- _HOW TO COMPLETE THIS TASK_
Each line below is to be repeated exactly; any picture is to be left out.

- _Stored records_
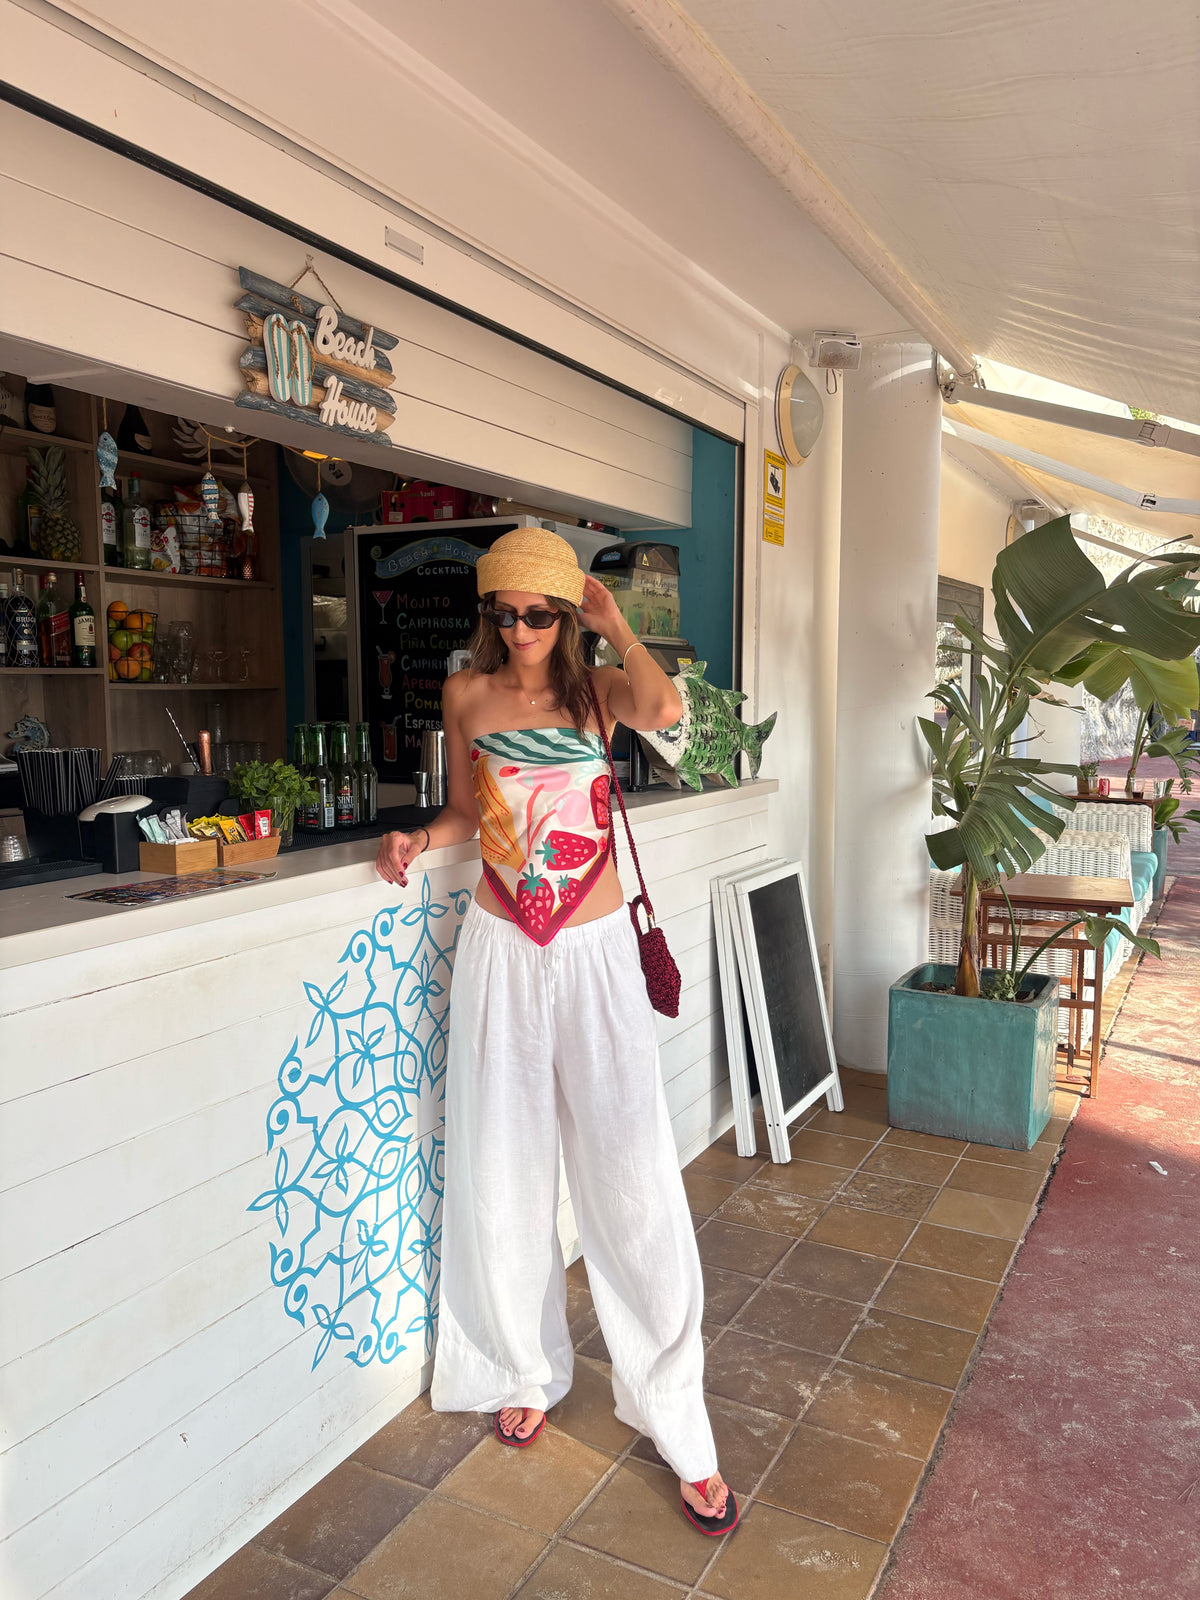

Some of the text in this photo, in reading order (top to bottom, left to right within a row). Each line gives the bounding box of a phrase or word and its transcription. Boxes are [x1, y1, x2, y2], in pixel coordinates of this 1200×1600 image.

[313, 305, 377, 370] Beach
[319, 375, 378, 433] House
[388, 548, 429, 572] BEACH
[416, 565, 470, 576] COCKTAILS
[396, 593, 451, 609] MOJITO
[396, 612, 471, 630] CAIPIROSKA
[429, 634, 469, 650] COLAD
[400, 654, 448, 671] CAIPIRIN
[404, 691, 443, 710] POMA
[404, 734, 422, 749] MA
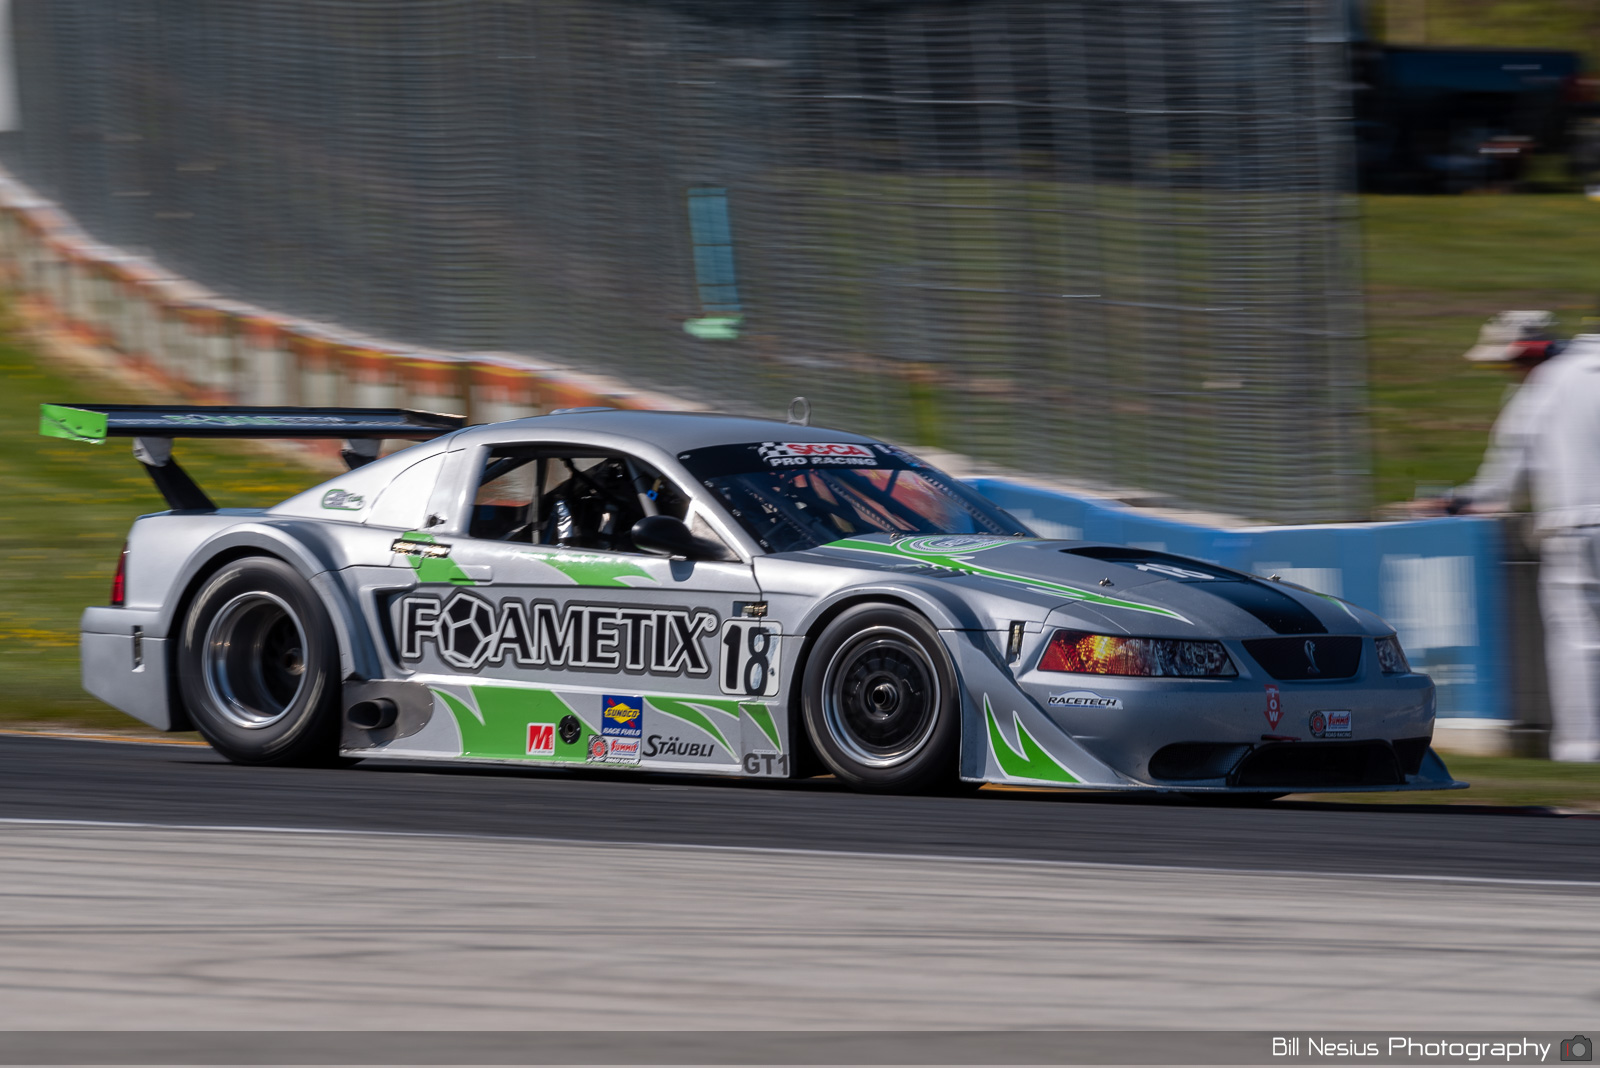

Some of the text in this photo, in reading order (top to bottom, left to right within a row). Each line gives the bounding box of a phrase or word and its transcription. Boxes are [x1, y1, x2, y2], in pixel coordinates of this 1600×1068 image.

[786, 443, 870, 456] SCCA
[769, 456, 878, 466] PRO RACING
[723, 624, 770, 696] 18
[1048, 697, 1117, 706] RACETECH
[1266, 688, 1280, 722] TOW
[605, 708, 639, 718] SUNOCO
[621, 728, 641, 736] FUELS
[643, 734, 715, 758] STÄUBLI
[743, 752, 788, 776] GT1
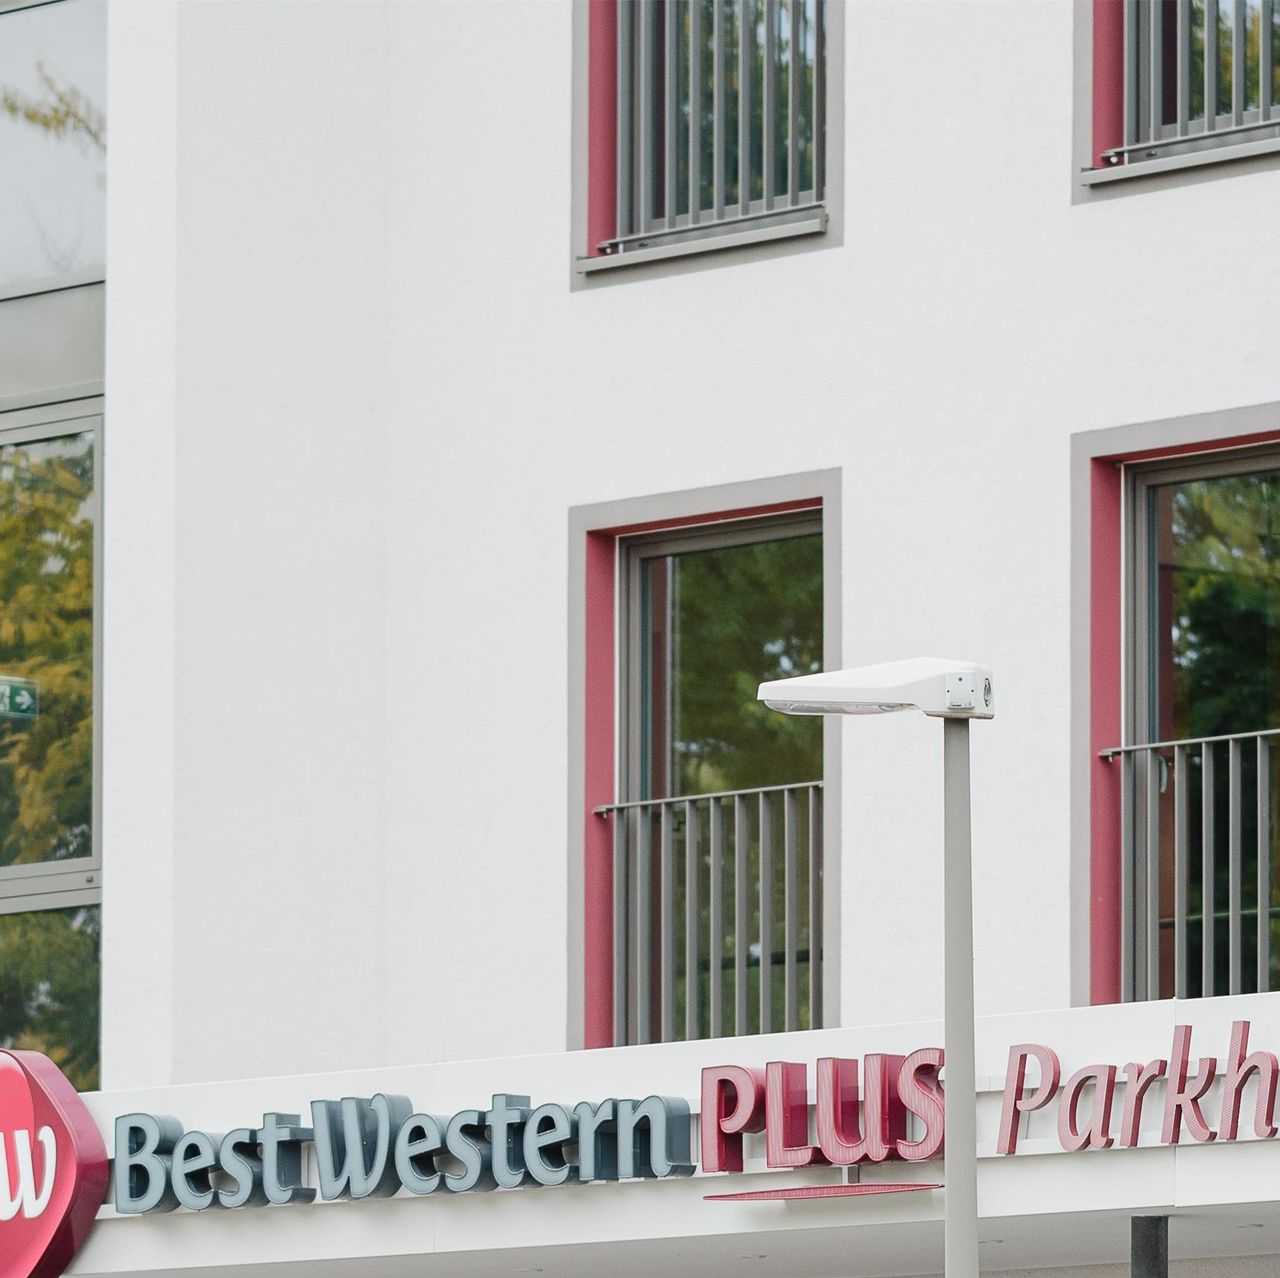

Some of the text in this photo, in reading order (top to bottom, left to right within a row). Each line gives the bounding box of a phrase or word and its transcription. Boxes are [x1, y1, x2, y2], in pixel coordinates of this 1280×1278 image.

[114, 1111, 316, 1215] Best
[311, 1092, 697, 1202] Western
[701, 1047, 945, 1173] PLUS
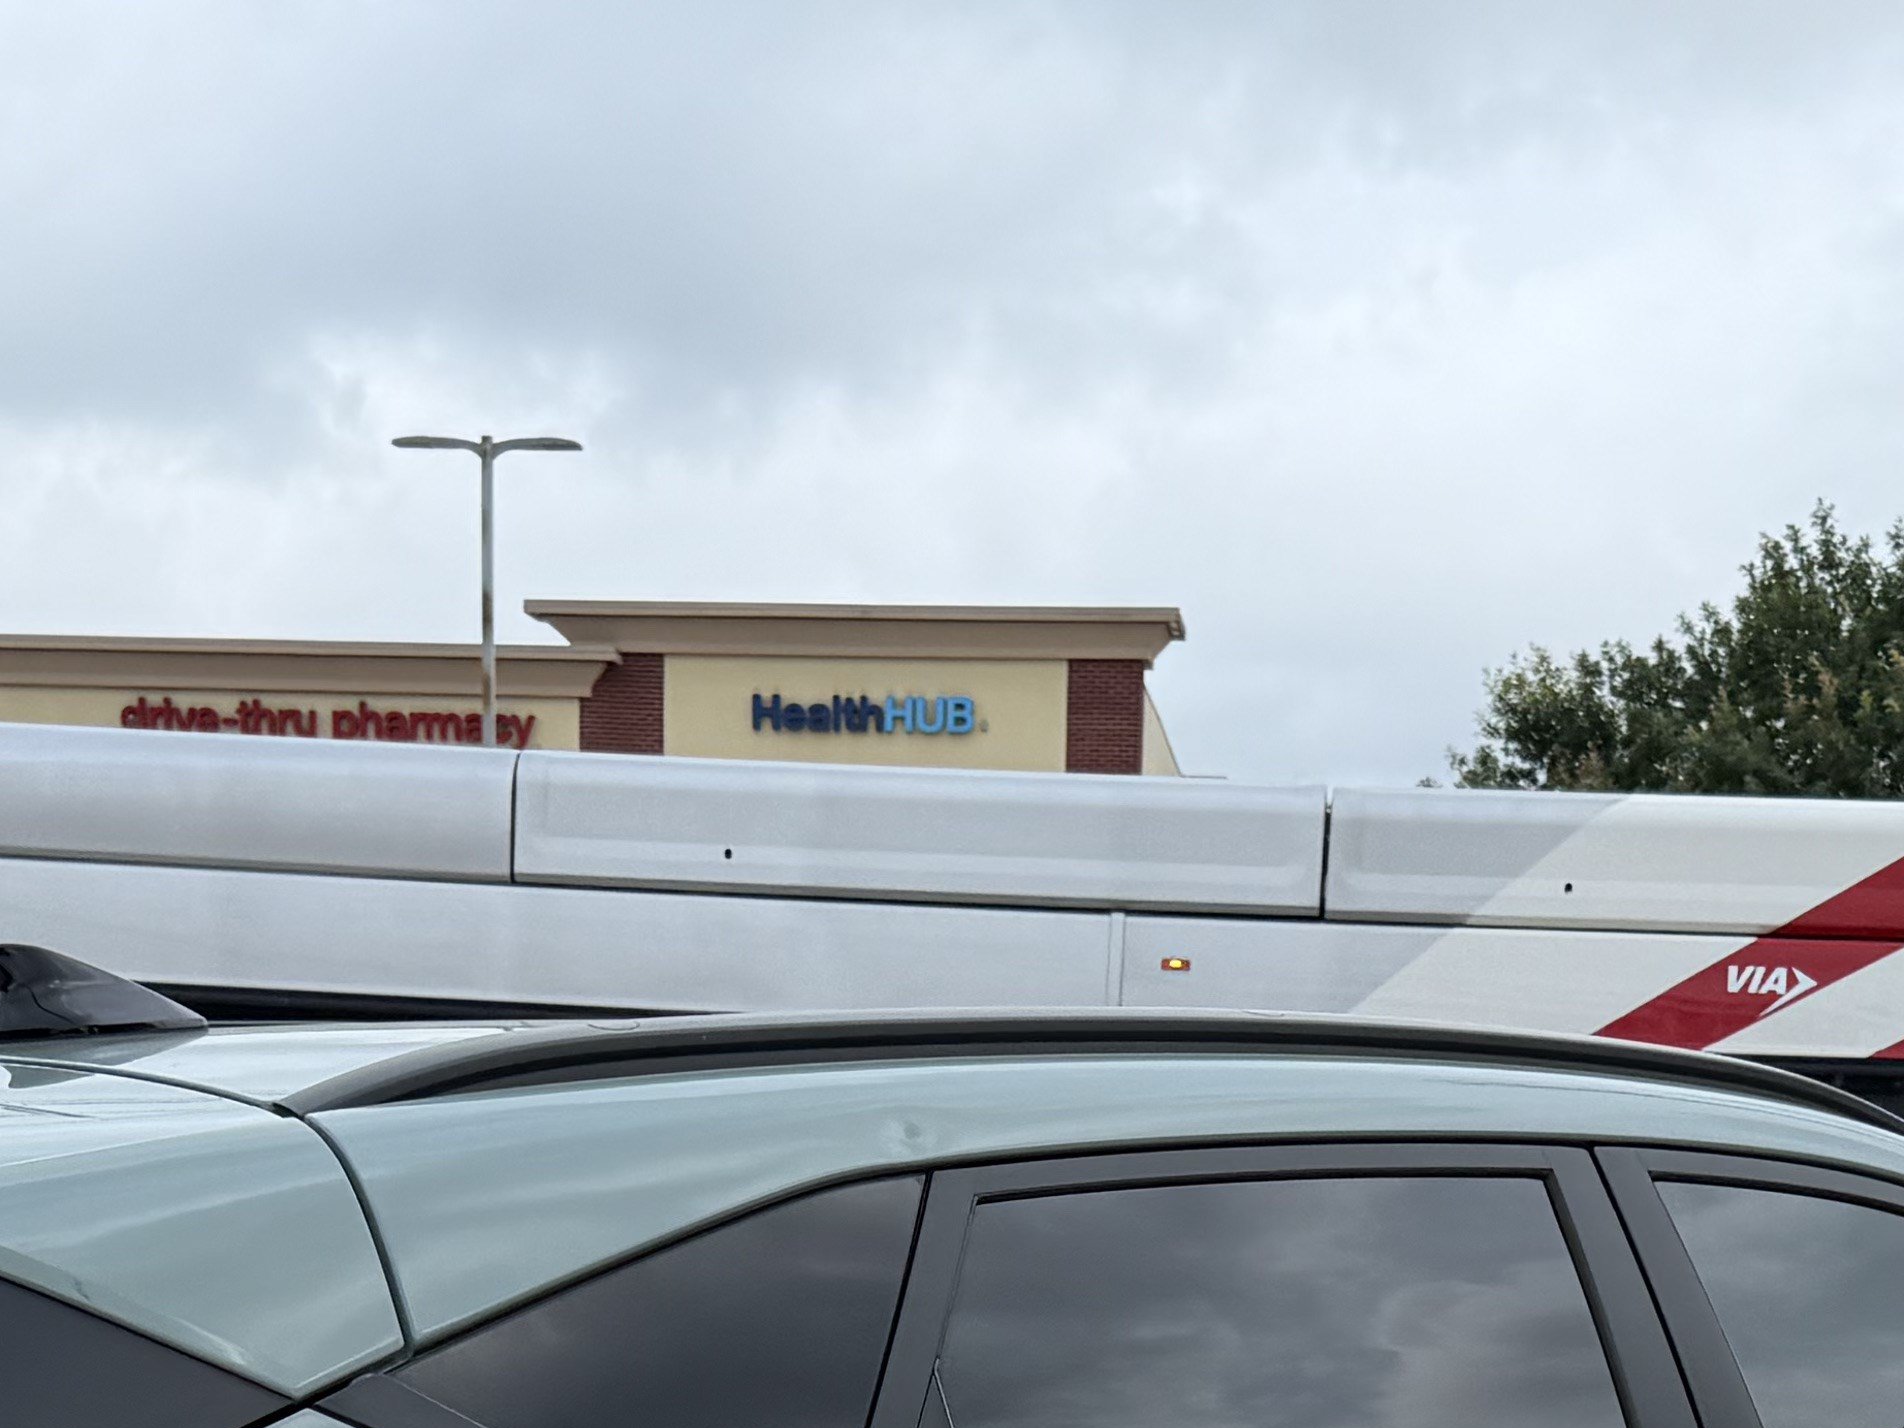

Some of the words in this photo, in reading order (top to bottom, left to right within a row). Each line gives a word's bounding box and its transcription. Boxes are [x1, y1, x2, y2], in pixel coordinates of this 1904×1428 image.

[121, 697, 317, 738] drive-thru
[332, 701, 537, 748] pharmacy
[752, 694, 976, 733] HealthHUB
[1726, 965, 1788, 995] VIA

- _RESULT OF THE EXERCISE_
Some of the text in this photo, in reading order (top to bottom, left to right within a row). Each line gives the bounding box of a phrase or word and its transcription. Boxes are [x1, y1, x2, y2], in pixel coordinates of this 1200×1600 image.

[313, 305, 377, 370] Beach
[319, 375, 378, 433] House
[388, 548, 429, 572] BEACH
[416, 565, 470, 576] COCKTAILS
[396, 593, 451, 609] MOJITO
[396, 612, 471, 630] CAIPIROSKA
[429, 634, 469, 650] COLAD
[400, 654, 448, 671] CAIPIRIN
[404, 691, 443, 710] POMA
[404, 734, 422, 749] MA

Some of the text in this photo, in reading order (top to bottom, left to right within a row). Each line gives the bounding box of a phrase or word and its transcription. Boxes are [x1, y1, x2, y2], in pixel coordinates of this 1600×1068 image.

[786, 443, 870, 456] SCCA
[769, 456, 878, 466] PRO RACING
[723, 624, 770, 696] 18
[1048, 697, 1117, 706] RACETECH
[1266, 688, 1280, 722] TOW
[605, 708, 639, 718] SUNOCO
[621, 728, 641, 736] FUELS
[643, 734, 715, 758] STÄUBLI
[743, 752, 788, 776] GT1

Some of the text in this photo, in reading order (top to bottom, left to right within a row). Each line gives the bounding box of a phrase or word and its transcription. Boxes are [x1, y1, x2, y2], in pixel coordinates of this 1280×1278 image.

[114, 1111, 316, 1215] Best
[311, 1092, 697, 1202] Western
[701, 1047, 945, 1173] PLUS

Some of the words in this photo, in reading order (top to bottom, left to right within a row). Each line gives a word's bounding box and its transcription. Boxes are [x1, y1, x2, y2], in pixel coordinates of this 1904×1428 image.

[121, 697, 317, 738] drive-thru
[332, 701, 537, 748] pharmacy
[752, 694, 976, 733] HealthHUB
[1726, 965, 1788, 995] VIA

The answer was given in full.